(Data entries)
########################################
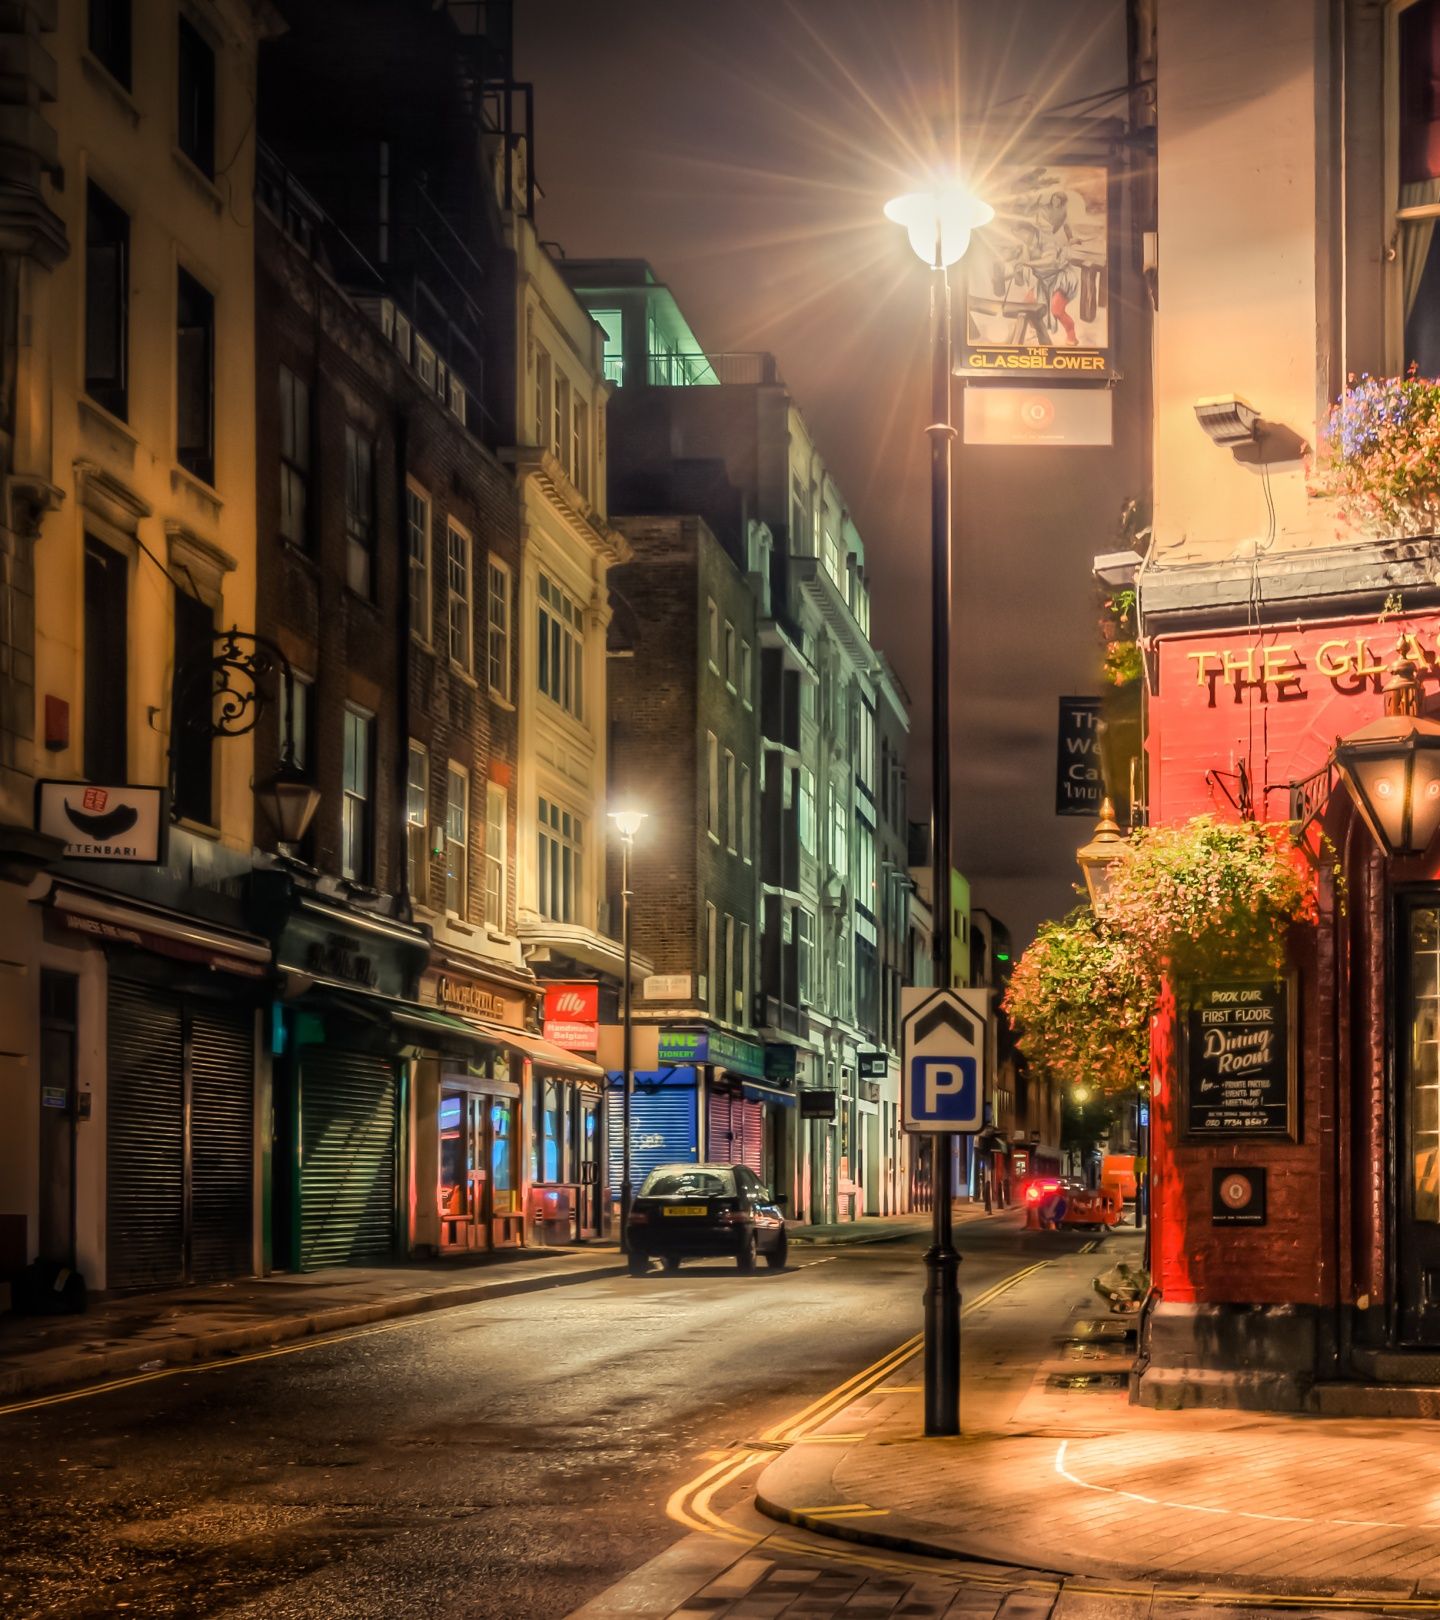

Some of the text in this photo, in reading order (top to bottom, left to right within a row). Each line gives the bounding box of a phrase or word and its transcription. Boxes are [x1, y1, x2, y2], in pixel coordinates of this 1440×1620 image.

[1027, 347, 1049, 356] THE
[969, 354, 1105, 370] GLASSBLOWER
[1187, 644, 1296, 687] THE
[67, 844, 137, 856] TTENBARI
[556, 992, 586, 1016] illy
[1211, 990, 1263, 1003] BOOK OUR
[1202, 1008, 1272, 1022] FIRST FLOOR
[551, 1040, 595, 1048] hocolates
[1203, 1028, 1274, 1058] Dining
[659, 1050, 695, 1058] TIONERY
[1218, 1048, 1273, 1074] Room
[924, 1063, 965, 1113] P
########################################
Without including the pictures, reproduce all entries exactly.

Some of the text in this photo, in reading order (top to bottom, left to right within a row). Each line gives the bounding box of a phrase or word and its transcription. Boxes are [x1, y1, x2, y2], in pixel coordinates of this 1440×1620 image.

[1027, 347, 1049, 356] THE
[969, 354, 1105, 370] GLASSBLOWER
[1187, 644, 1296, 687] THE
[67, 844, 137, 856] TTENBARI
[556, 992, 586, 1016] illy
[1211, 990, 1263, 1003] BOOK OUR
[1202, 1008, 1272, 1022] FIRST FLOOR
[551, 1040, 595, 1048] hocolates
[1203, 1028, 1274, 1058] Dining
[659, 1050, 695, 1058] TIONERY
[1218, 1048, 1273, 1074] Room
[924, 1063, 965, 1113] P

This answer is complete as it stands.